TwinCAT CoAgent optimiert sowohl Engineering als auch Runtime und versteht sich als Teammitglied, das bei der Diagnose hilft, das Servicepersonal interaktiv durch Checklisten führt und selbst aktiv an der Problemlösung beteiligt ist.
Dr.

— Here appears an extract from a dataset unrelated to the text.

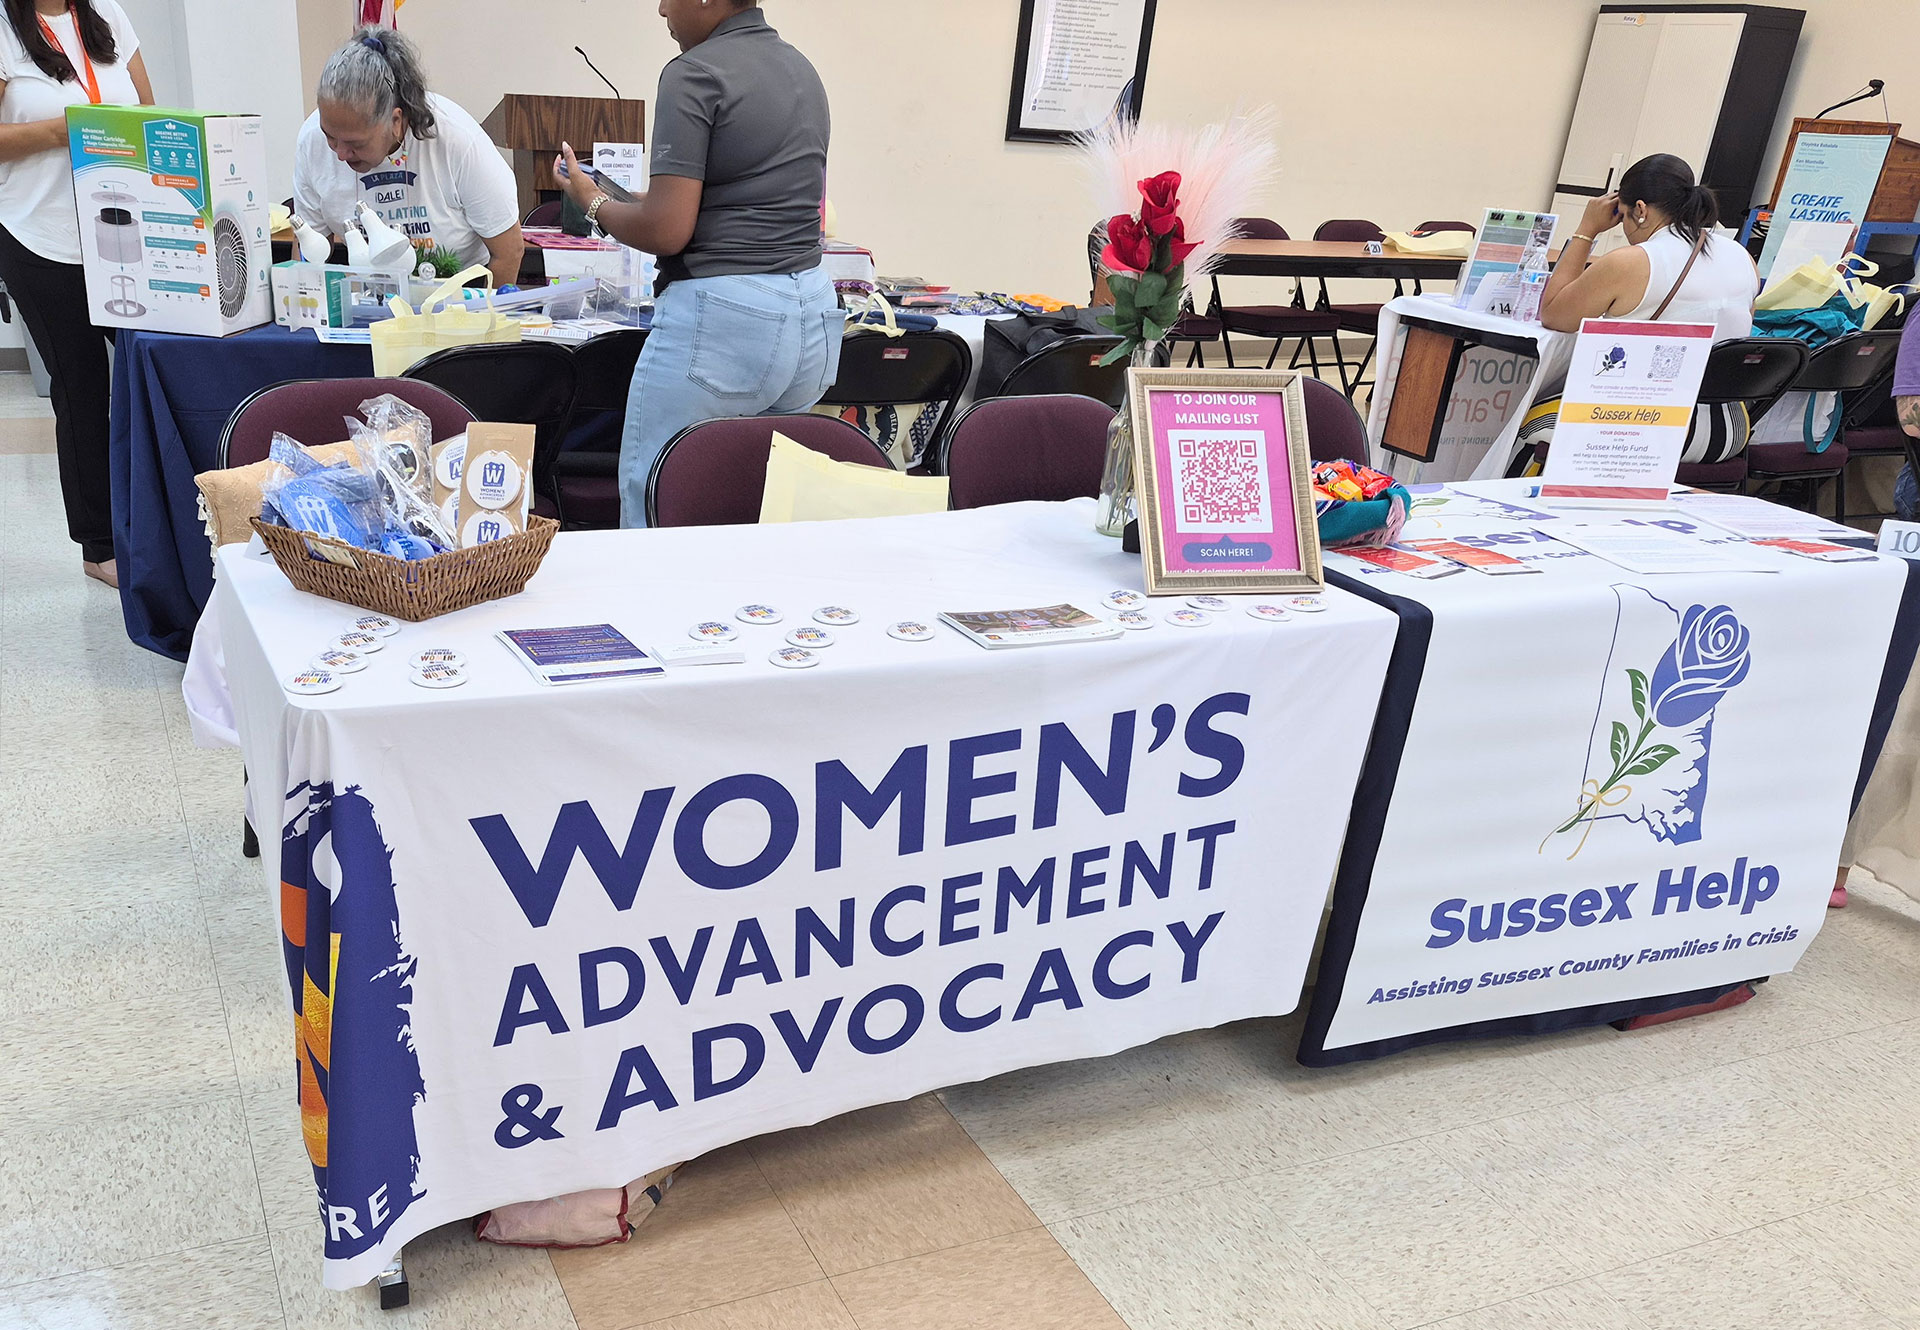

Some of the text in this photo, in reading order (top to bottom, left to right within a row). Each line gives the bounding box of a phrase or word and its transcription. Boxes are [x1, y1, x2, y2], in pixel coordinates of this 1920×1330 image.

Fabian Bause, Produktmanager TwinCAT, Beckhoff Automation
Im laufenden Betrieb übernimmt der TwinCAT CoAgent for Operations Analyse- und Diagnoseaufgaben. Er überwacht Prozesswerte, Logfiles und KPIs, erkennt Abweichungen und begleitet die Störungsbehebung in mehreren Schritten – von der Hypothesenbildung über die Diagnose bis zu konkreten Handlungsvorschlägen. Durch die Zusammenführung von Messdaten und Loginformationen können Fehlalarme reduziert und kritische Ereignisse priorisiert werden. Zusätzlich erstellt der CoAgent automatisch Service-Reports, Schichtprotokolle und Trendanalysen, die den Betrieb transparenter gestalten.
Offene Architektur und Integration in den Lifecycle
Die offene Architektur von TwinCAT CoAgent ermöglicht die Anbindung unterschiedlicher Sprachmodelle und kundenspezifischer Erweiterungen über das Modular Concept Protocol (MCP). Unternehmen können eigene Wissensdatenbanken integrieren und damit unternehmensspezifisches Know-how direkt im CoAgent verfügbar machen.
Durch diese Erweiterbarkeit deckt TwinCAT alle Phasen des Automatisierungslifecycles ab: Entwicklung, Inbetriebnahme, Betrieb und Optimierung. So lassen sich Entwicklungszeiten verkürzen, Stillstände verringern und Wartungsprozesse effizienter gestalten. Gleichzeitig bleibt das System flexibel und zukunftsfähig.
TwinCAT Machine Learning Creator für automatisierte Modellbildung
Der TwinCAT Machine Learning Creator (MLC) ergänzt die Plattform um Werkzeuge zur automatischen Generierung von KI-Modellen. Als „Version Zero Generator“ erstellt er erste Modellvarianten, dokumentiert deren Verhalten und unterstützt die Auditierung durch automatisierte Reports. Automatisierungs- und Prozessexperten können damit eigenständig Modelle entwickeln und bewerten, ohne externe Datenwissenschaftler einbinden zu müssen.

Mit TwinCAT MLC Signals and Time Series lassen historische, zeitlich geordnete Daten analysieren, um Muster und Trends zu erkennen sowie zukünftige Werte vorherzusagen oder Anomalien zu identifizieren.
Dr. Fabian Bause, Produktmanager TwinCAT, Beckhoff Automation
Die mit TwinCAT MLC erzeugten Modelle werden im offenen ONNX-Format exportiert und erfüllen die Echtzeitanforderungen der Steuerung. Mit der Erweiterung „TwinCAT MLC Signals and Time Series“ lassen sich nun auch Signale und Zeitreihen analysieren – ein wichtiger Schritt für Anwendungen wie Anomalieerkennung, Condition Monitoring und Qualitätsprüfung.
Signal- und Zeitreihenanalyse mit TwinCAT
Die Analyse von Signalen und Zeitreihen bietet zahlreiche industrielle Einsatzmöglichkeiten. Dazu gehören die Erkennung von Motor- und Pumpenfehlern, die Leckageüberwachung in hydraulischen Systemen oder die Verschleißerkennung an Werkzeugen. Durch die Kombination von Strom-, Druck-, Temperatur- und Vibrationsdaten lassen sich Ursachen von Abweichungen nachvollziehen und vorbeugende Maßnahmen ableiten.
In der Qualitätssicherung ermöglichen Inline-Analysen sensorbasierte Prüfungen elektrischer oder mechanischer Größen, etwa bei Schweiß- oder Verpackungsprozessen. Darüber hinaus unterstützt die Zeitreihenanalyse die Optimierung von Energieverbrauch und Prozessparametern. Anwendungen reichen von der prädiktiven Regelung komplexer Anlagen bis zur Ausrichtung von Windkraftkomponenten nach prognostizierten Wetterdaten.